**Extracted data**
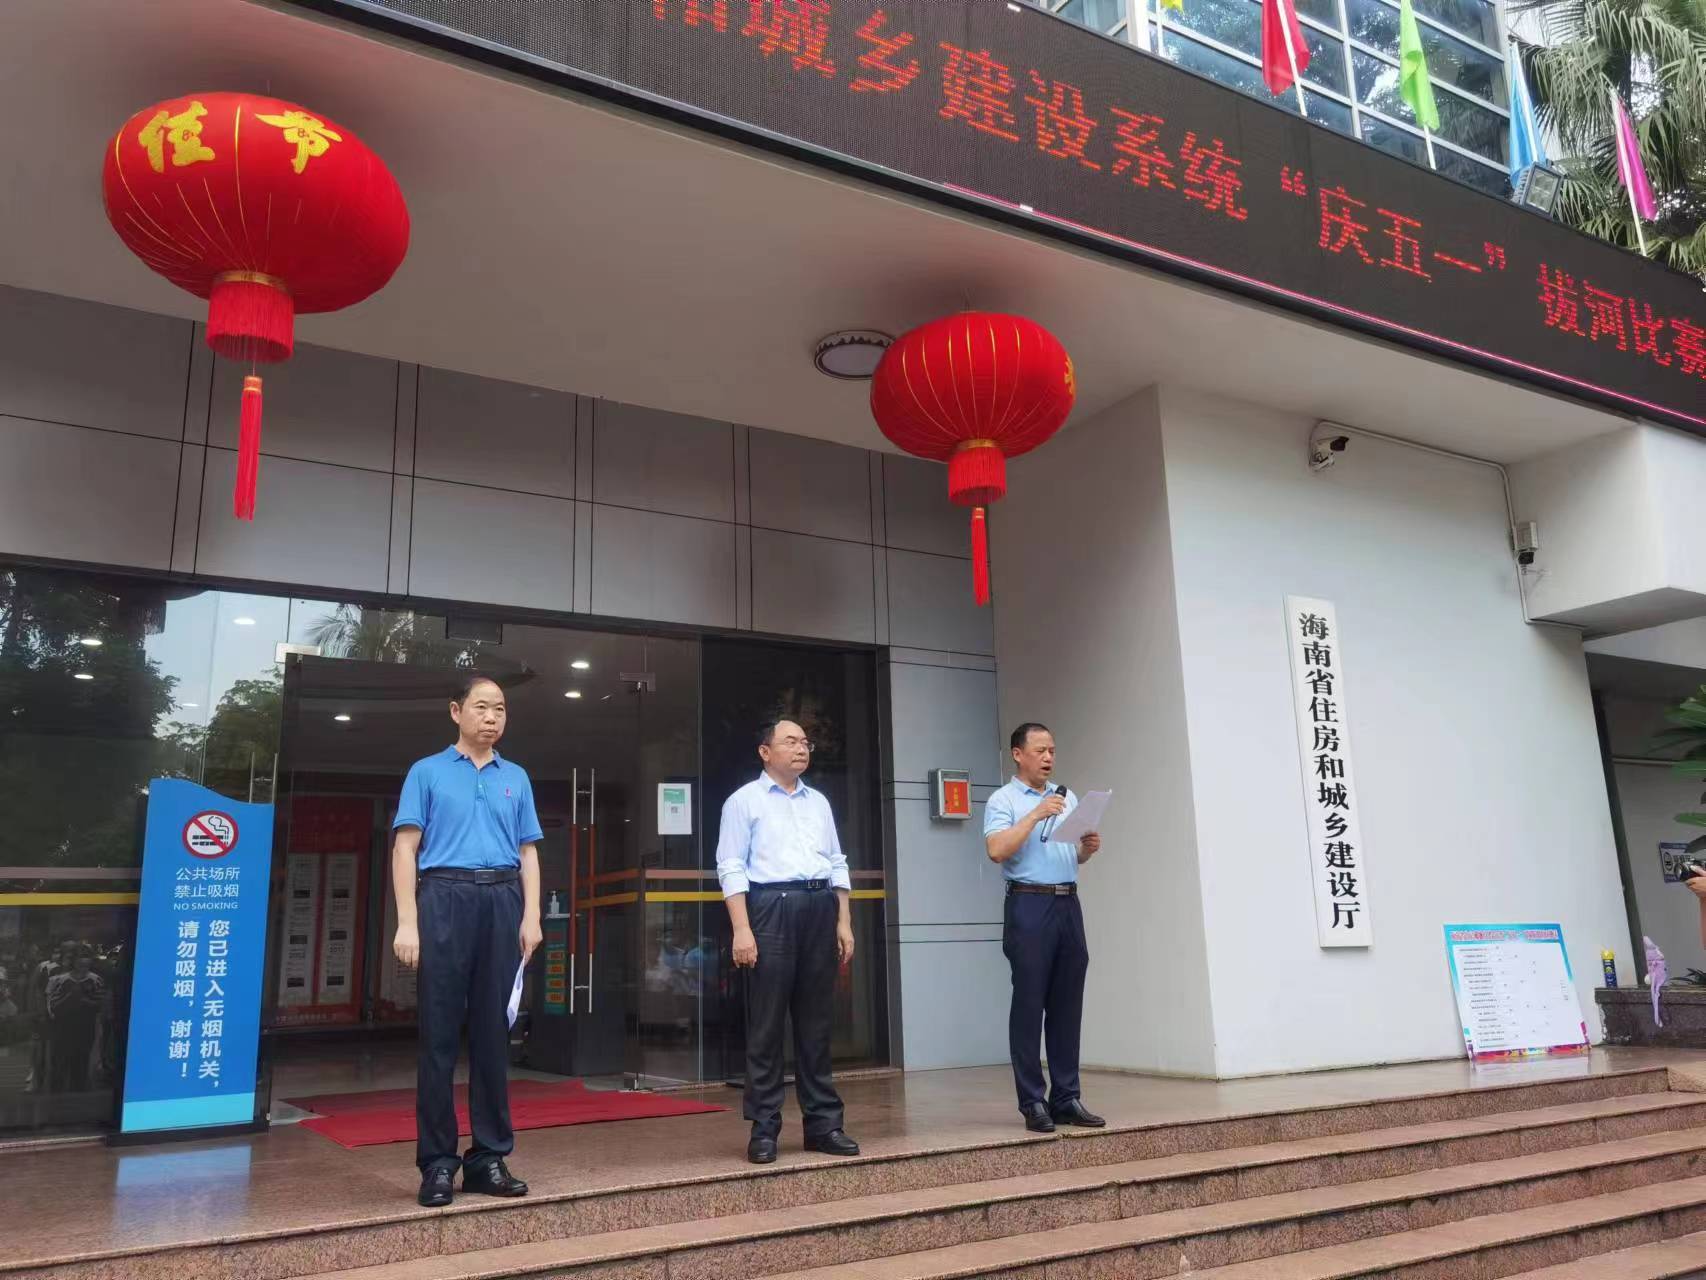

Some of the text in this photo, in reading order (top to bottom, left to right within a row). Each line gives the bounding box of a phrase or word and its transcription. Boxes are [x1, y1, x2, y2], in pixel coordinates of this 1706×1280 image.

[1299, 612, 1360, 929] 海南省住房和城乡建设厅
[176, 866, 240, 880] 公共场所
[174, 884, 239, 898] 禁止吸烟
[173, 901, 239, 910] NO SMOKING
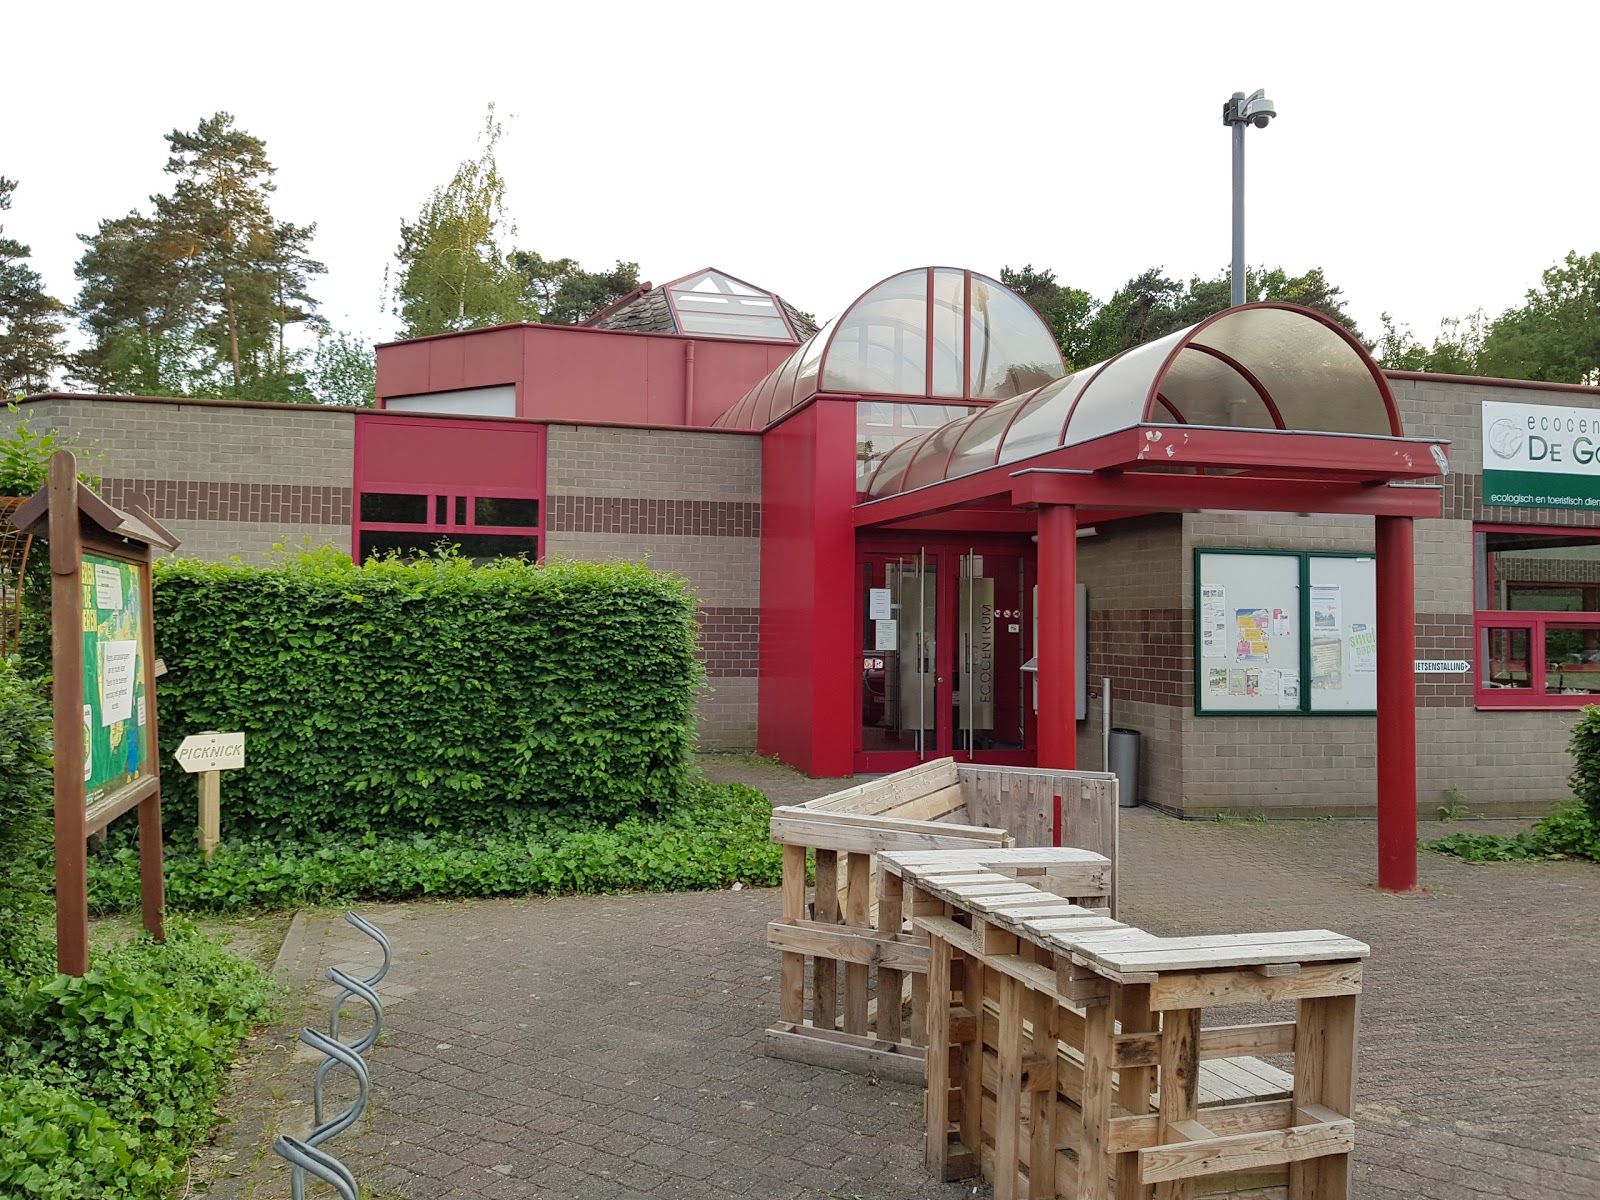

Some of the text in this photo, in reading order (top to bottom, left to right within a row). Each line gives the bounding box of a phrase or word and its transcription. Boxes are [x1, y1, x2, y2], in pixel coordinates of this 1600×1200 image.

[1527, 415, 1600, 434] ecocen
[1528, 435, 1600, 465] DE G
[1490, 493, 1534, 505] ecologisch
[1535, 496, 1546, 504] en
[1547, 495, 1583, 505] toeristisch
[980, 604, 992, 703] ECOCENTRUM
[179, 744, 242, 761] PICKNICK
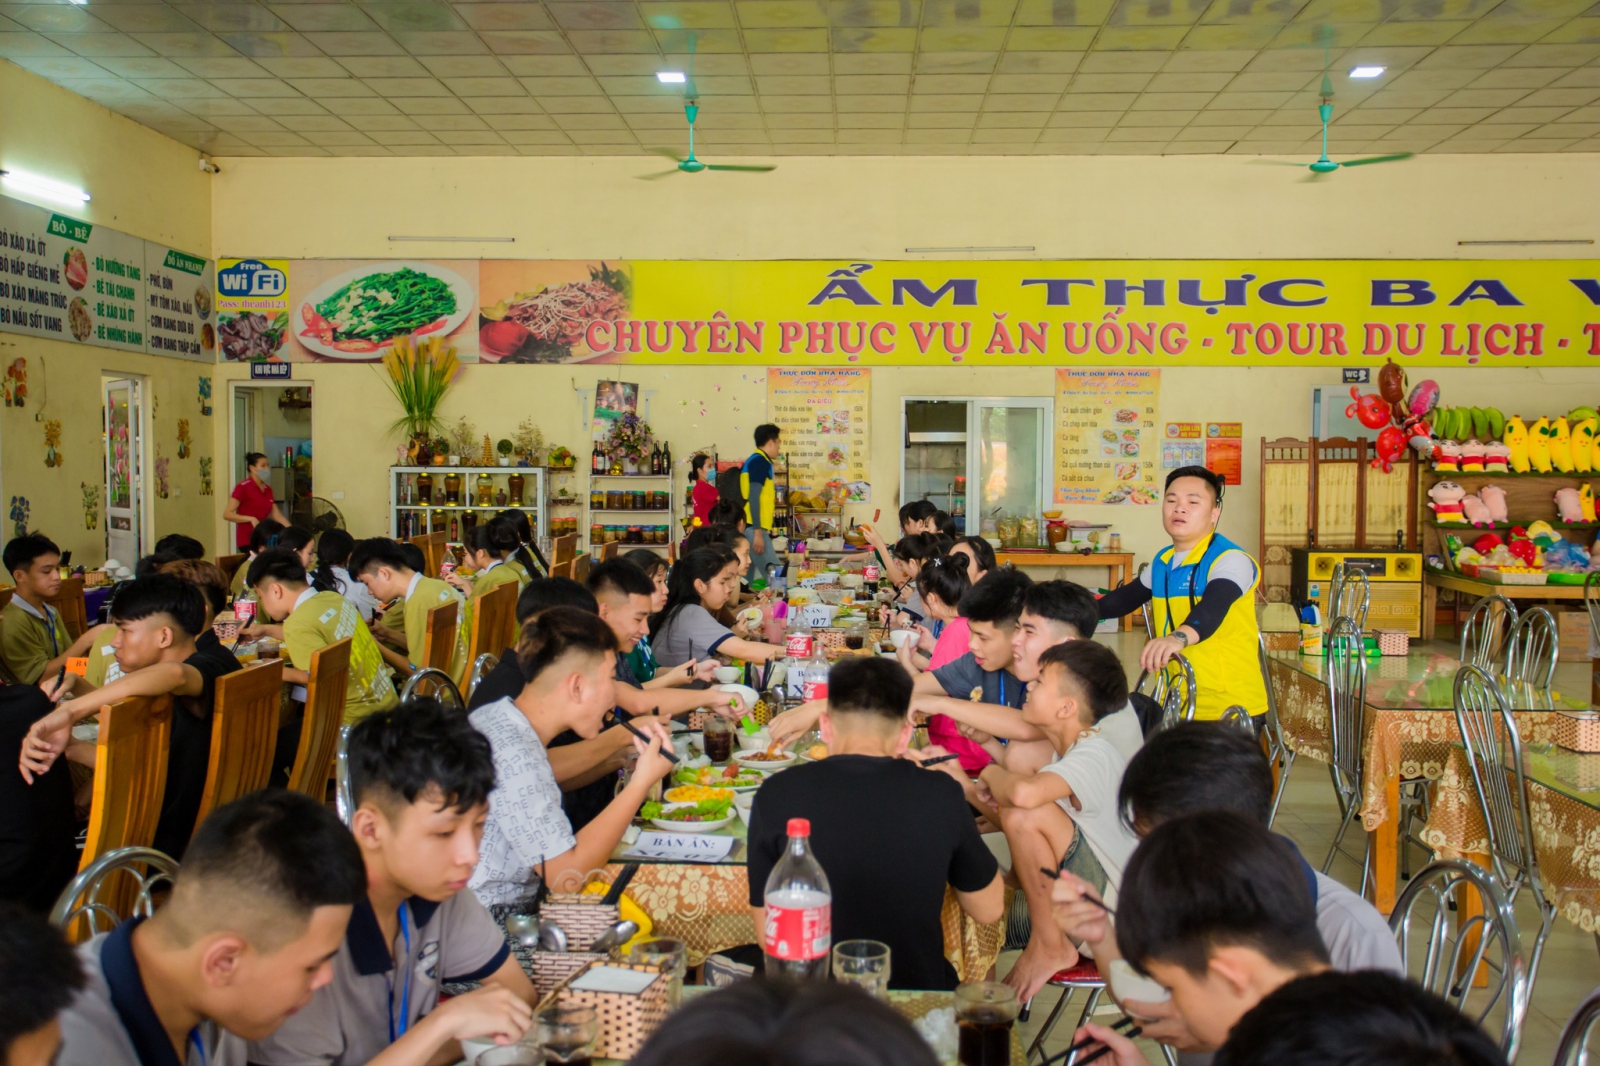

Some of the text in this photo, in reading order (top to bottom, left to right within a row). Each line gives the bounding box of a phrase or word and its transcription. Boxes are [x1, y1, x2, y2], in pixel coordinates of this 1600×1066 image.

[240, 262, 263, 271] Free
[806, 263, 1526, 315] ẨM THỰC BA
[585, 310, 765, 354] CHUYÊN
[778, 320, 898, 362] PHỤC
[909, 320, 973, 362] VỤ
[984, 311, 1048, 355] ĂN
[1063, 307, 1190, 356] UỐNG
[1225, 322, 1349, 356] TOUR
[1362, 322, 1427, 356] DU
[1439, 322, 1545, 365] LỊCH
[1345, 370, 1358, 378] WC
[812, 617, 827, 626] 07
[653, 835, 685, 847] BÀN
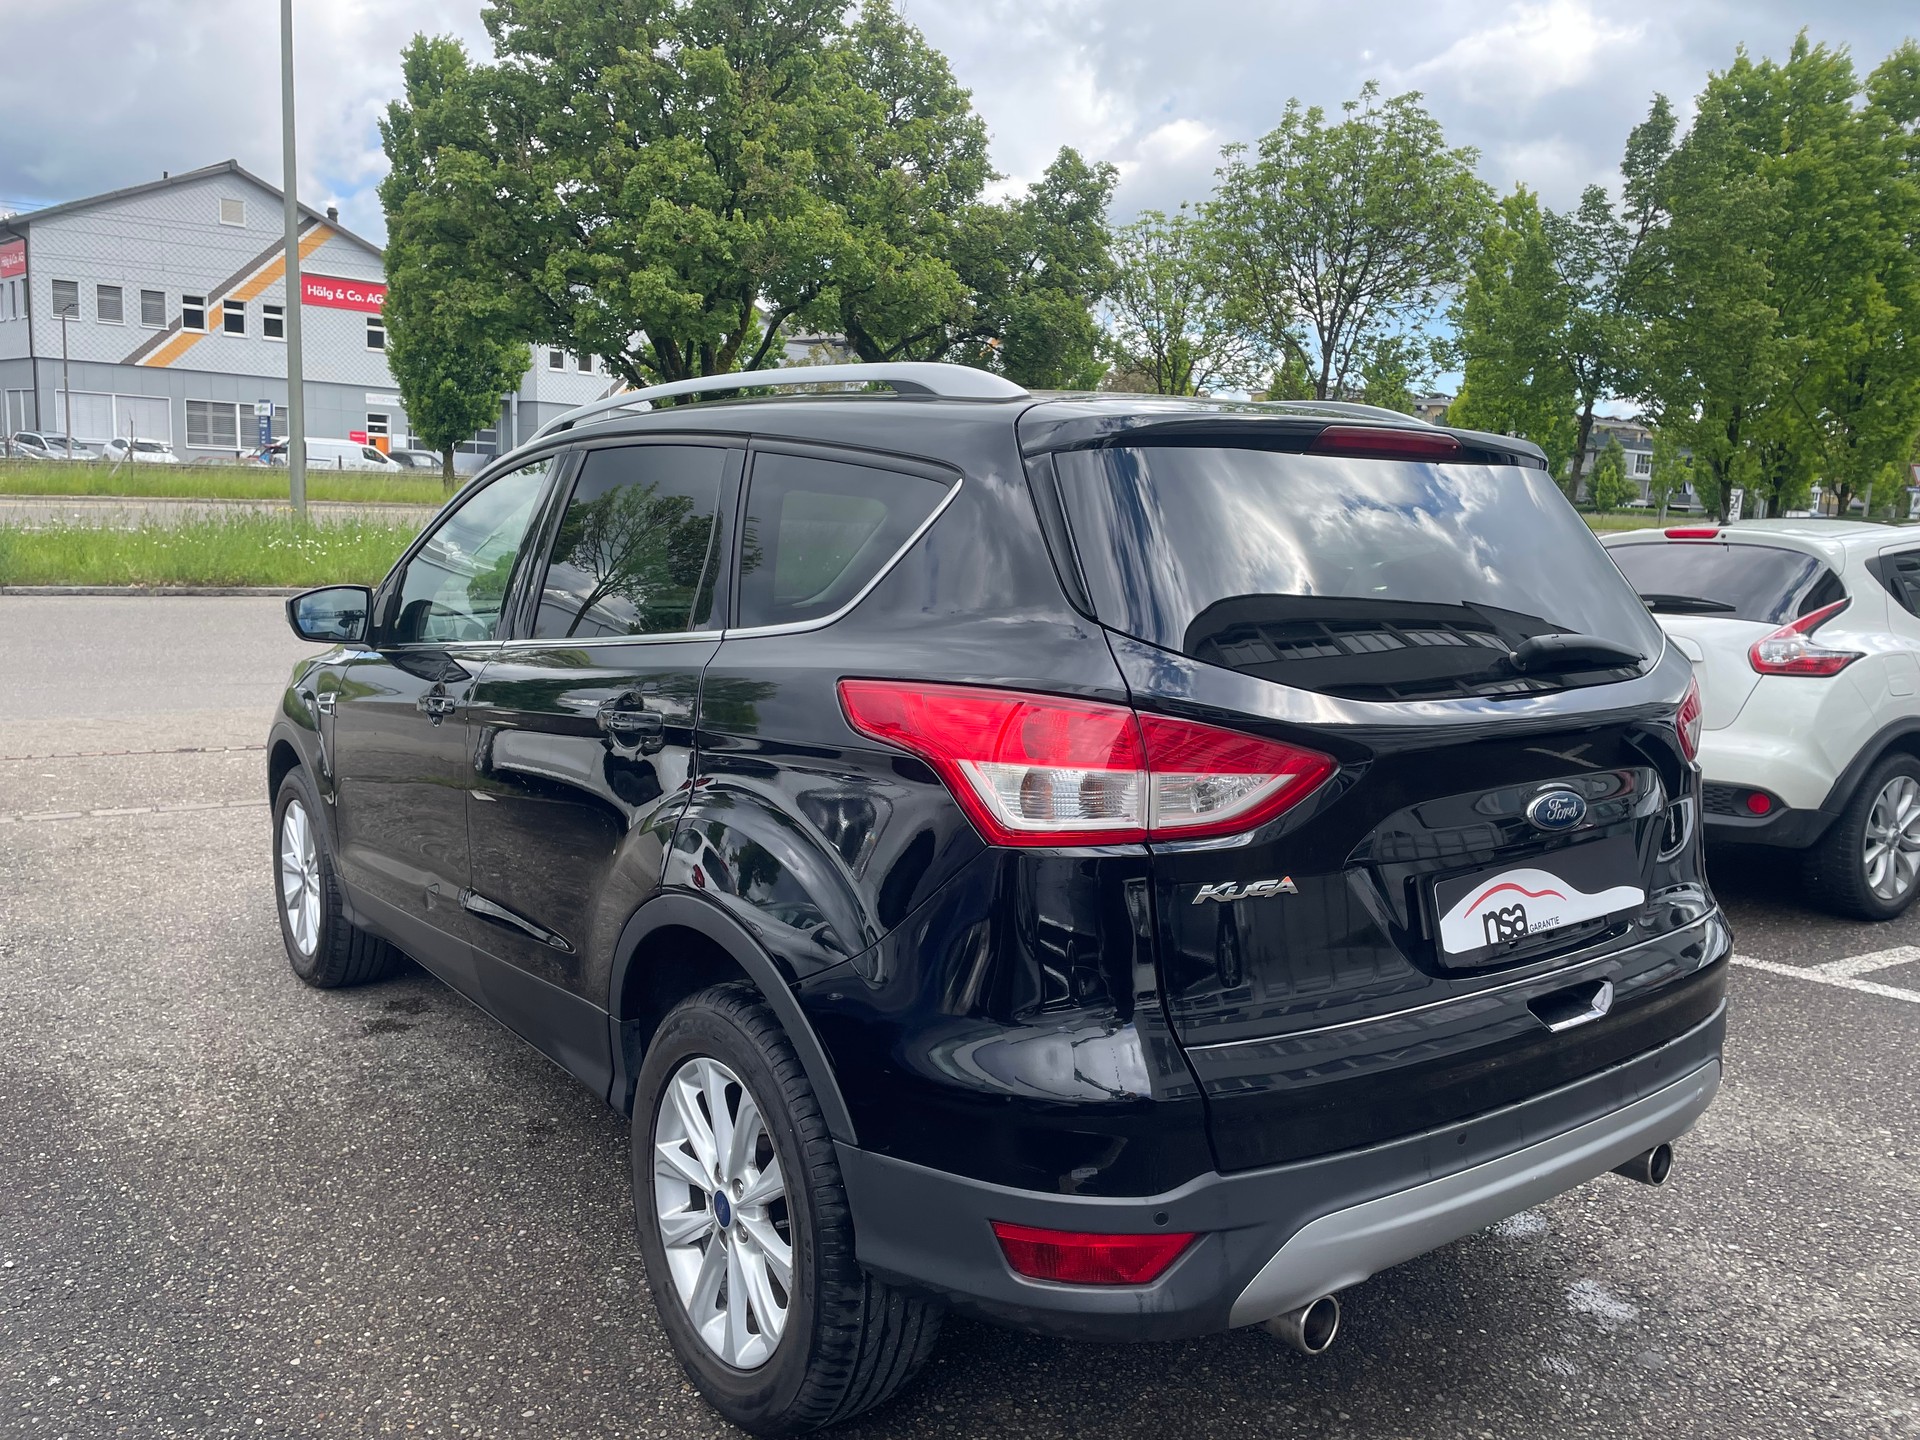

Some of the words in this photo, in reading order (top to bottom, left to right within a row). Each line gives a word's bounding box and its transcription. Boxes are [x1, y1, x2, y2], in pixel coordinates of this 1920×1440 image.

[307, 284, 333, 300] Hälg
[336, 289, 345, 299] &
[346, 290, 364, 302] Co.
[366, 293, 384, 304] AG
[1547, 798, 1577, 821] Ford
[1191, 876, 1299, 905] KUGA
[1482, 903, 1529, 945] nsa
[1529, 915, 1561, 933] GARANTIE

**Task goal**
Nothing but the lines from the one holding "Some of the words" through the last line of the data may be output, and each must match exactly.

**Result of this task**
Some of the words in this photo, in reading order (top to bottom, left to right within a row). Each line gives a word's bounding box and its transcription. Boxes are [x1, y1, x2, y2], in pixel coordinates of this 1920×1440 image.

[307, 284, 333, 300] Hälg
[336, 289, 345, 299] &
[346, 290, 364, 302] Co.
[366, 293, 384, 304] AG
[1547, 798, 1577, 821] Ford
[1191, 876, 1299, 905] KUGA
[1482, 903, 1529, 945] nsa
[1529, 915, 1561, 933] GARANTIE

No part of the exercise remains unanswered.